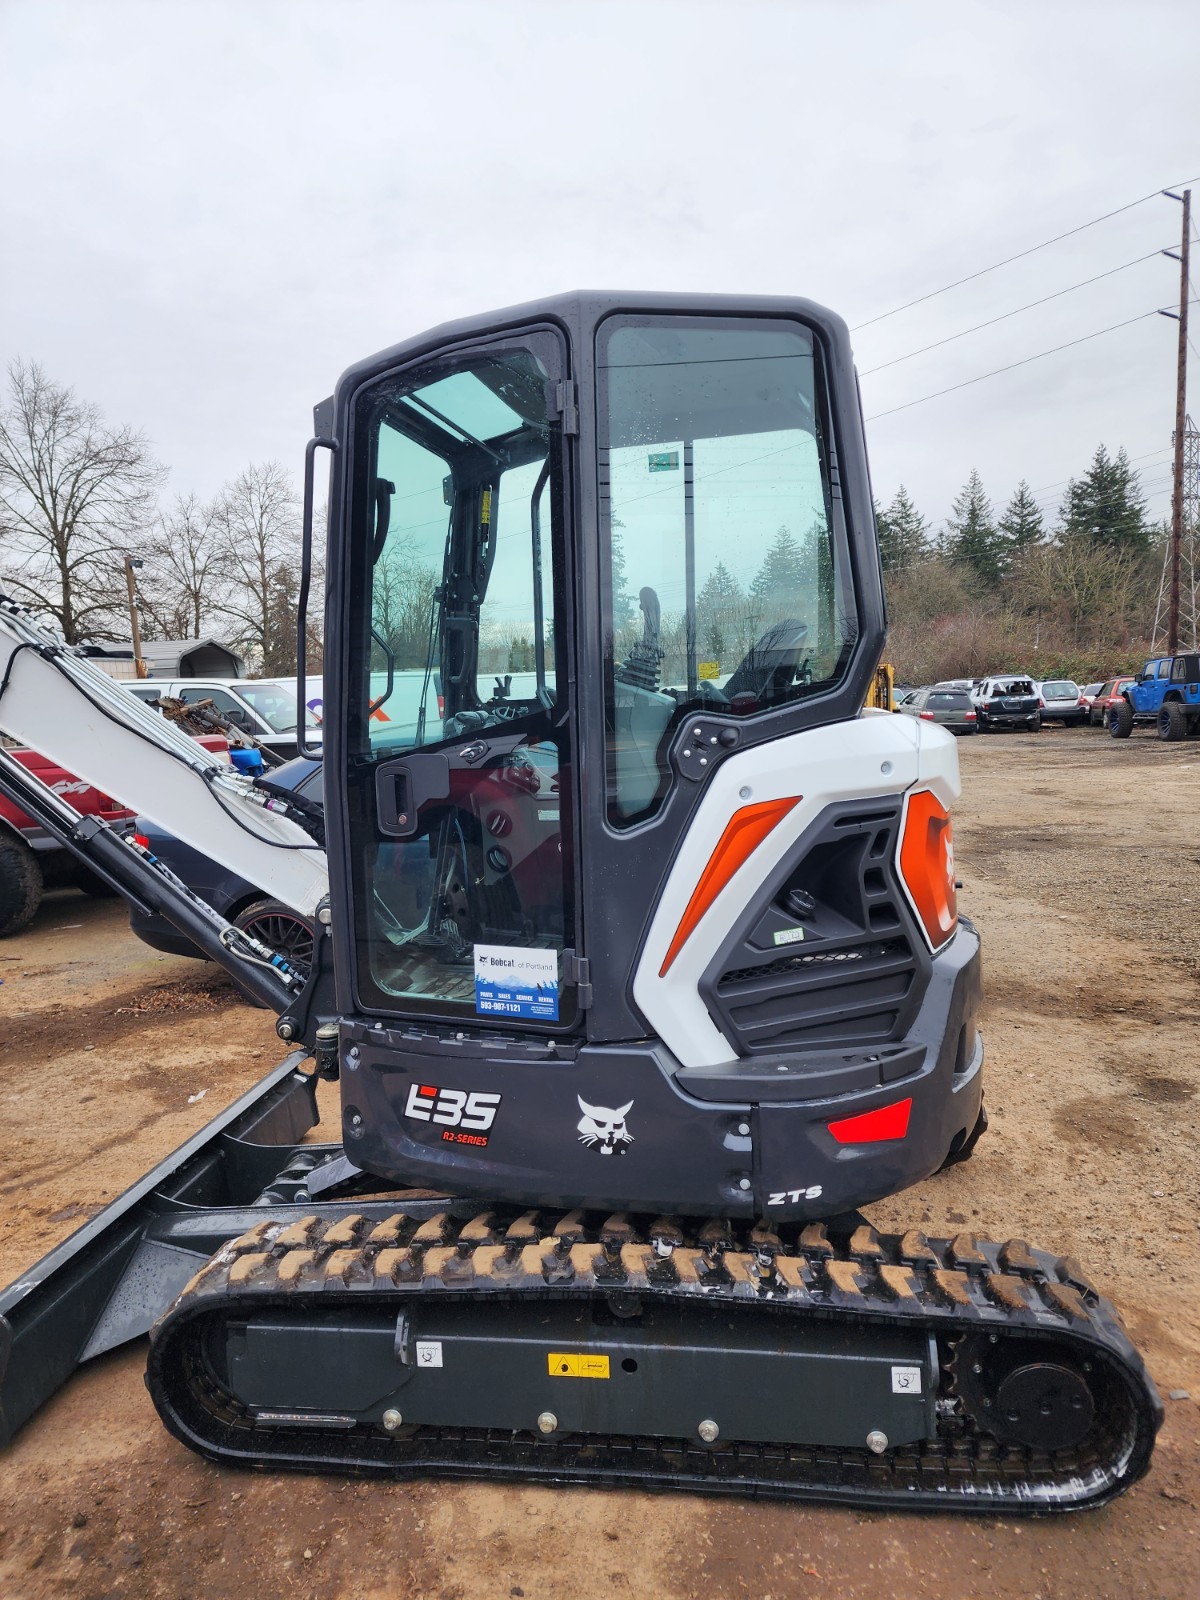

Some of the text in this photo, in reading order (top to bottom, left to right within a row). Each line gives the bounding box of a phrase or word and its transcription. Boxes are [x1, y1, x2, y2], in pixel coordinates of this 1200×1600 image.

[490, 957, 515, 967] Bobcat
[404, 1083, 501, 1131] E35
[443, 1131, 488, 1147] R2-SERIES
[767, 1185, 823, 1206] ZTS
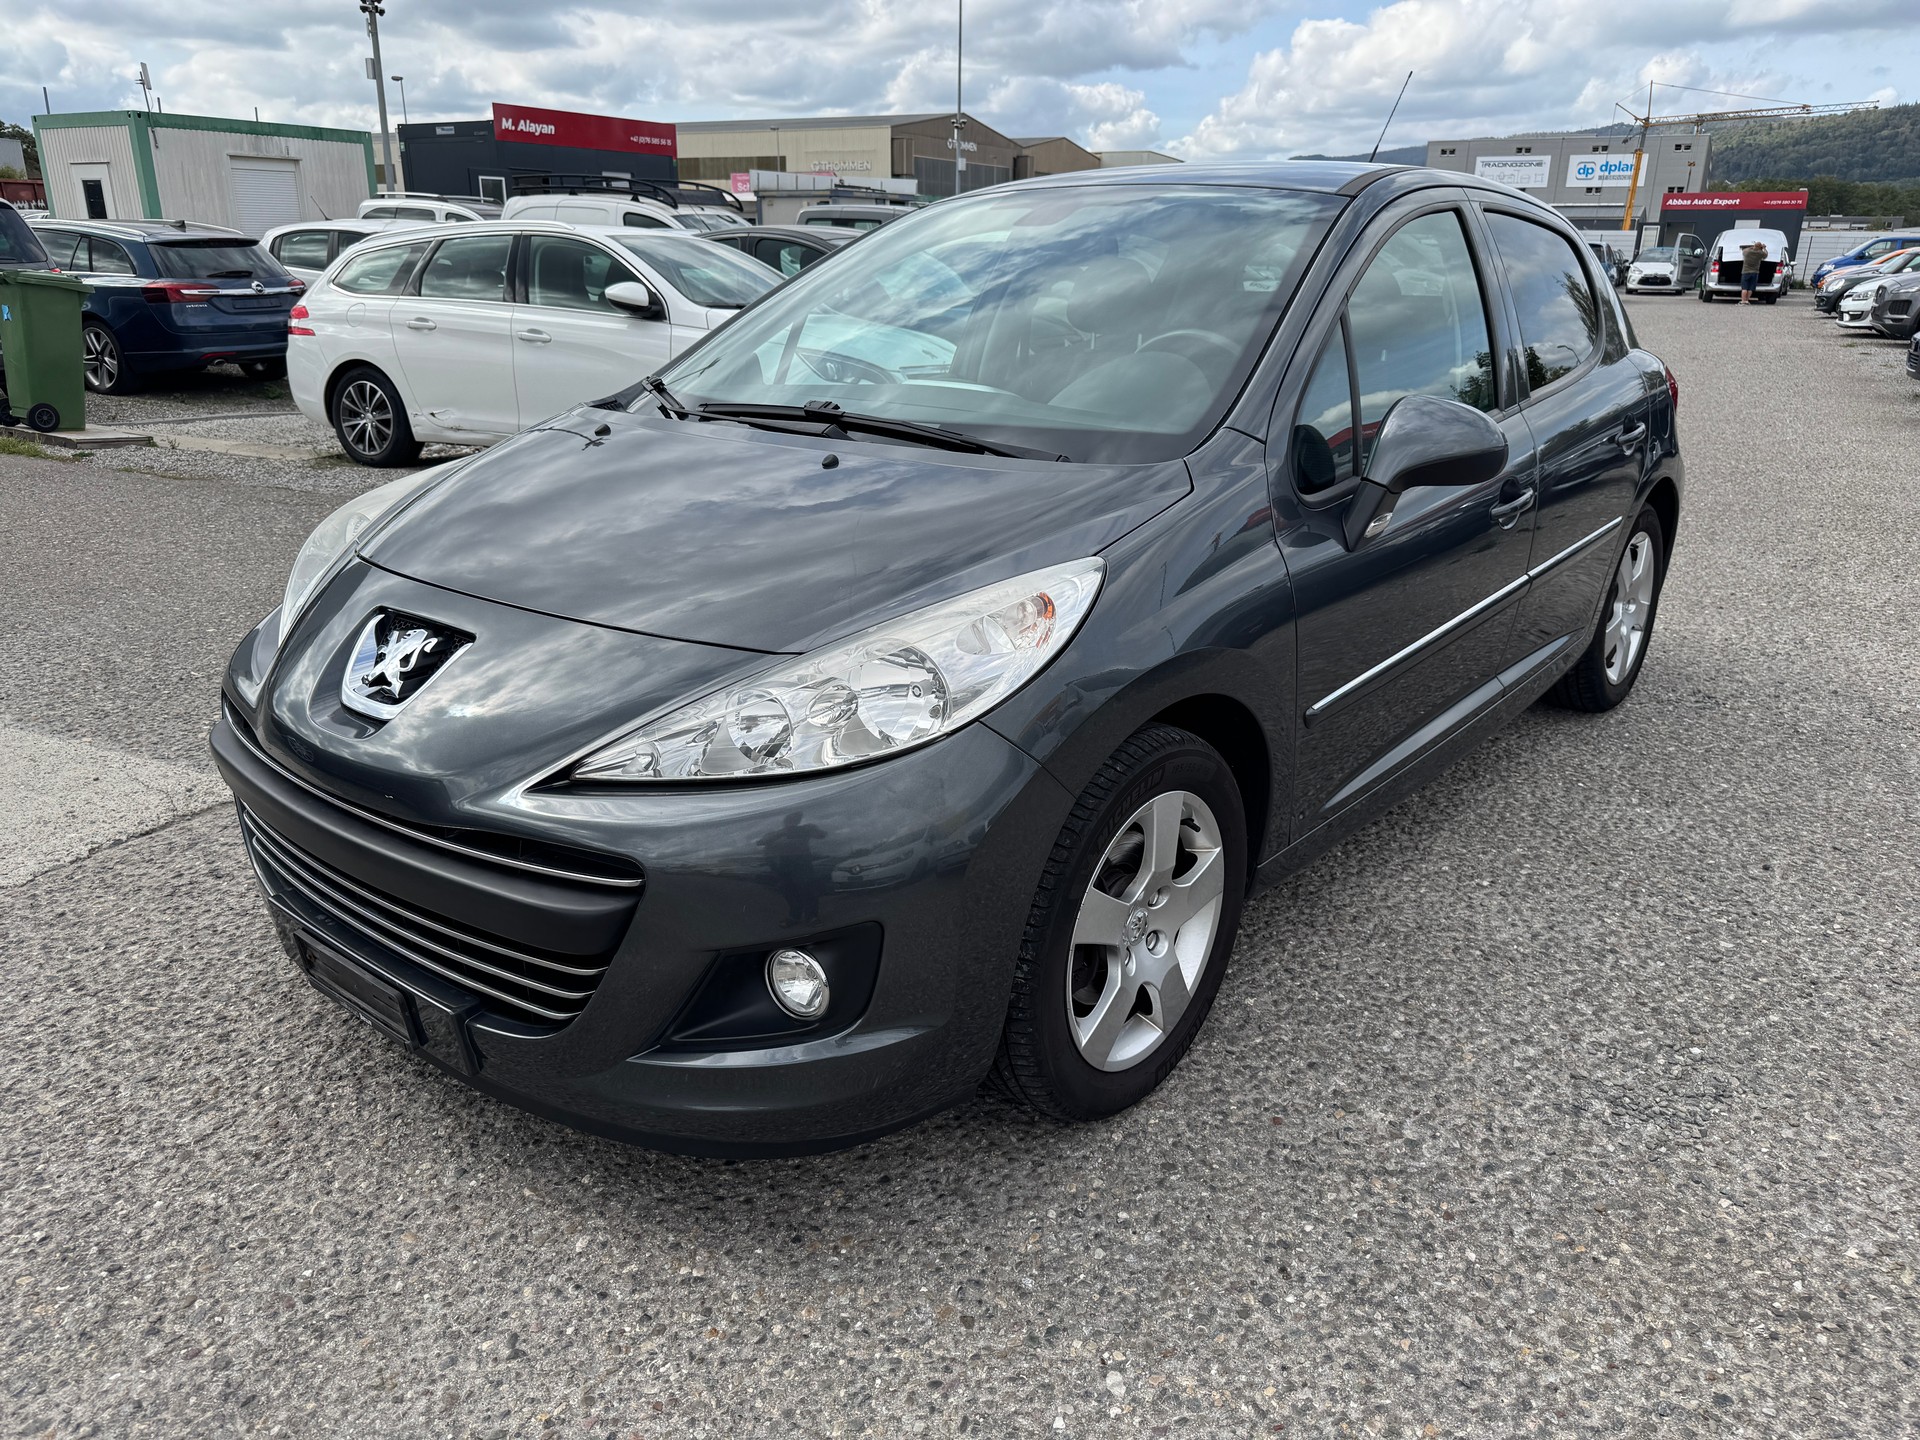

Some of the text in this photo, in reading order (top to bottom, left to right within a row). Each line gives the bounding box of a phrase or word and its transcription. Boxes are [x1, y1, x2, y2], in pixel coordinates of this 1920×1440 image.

Work to complete -
All lines above must be repeated exactly, and the pictures must be omitted.

Task solution -
Some of the text in this photo, in reading order (top to bottom, left to right within a row). Each line gives the bounding box of a phrase or word and its transcription. Boxes are [x1, y1, x2, y2], in pixel coordinates of this 1200×1600 image.

[490, 957, 515, 967] Bobcat
[404, 1083, 501, 1131] E35
[443, 1131, 488, 1147] R2-SERIES
[767, 1185, 823, 1206] ZTS

Some of the text in this photo, in reading order (top to bottom, left to right within a row). Each line gives the bounding box of a phrase or word and its transcription. Boxes are [x1, y1, x2, y2], in pixel coordinates of this 1920×1440 image.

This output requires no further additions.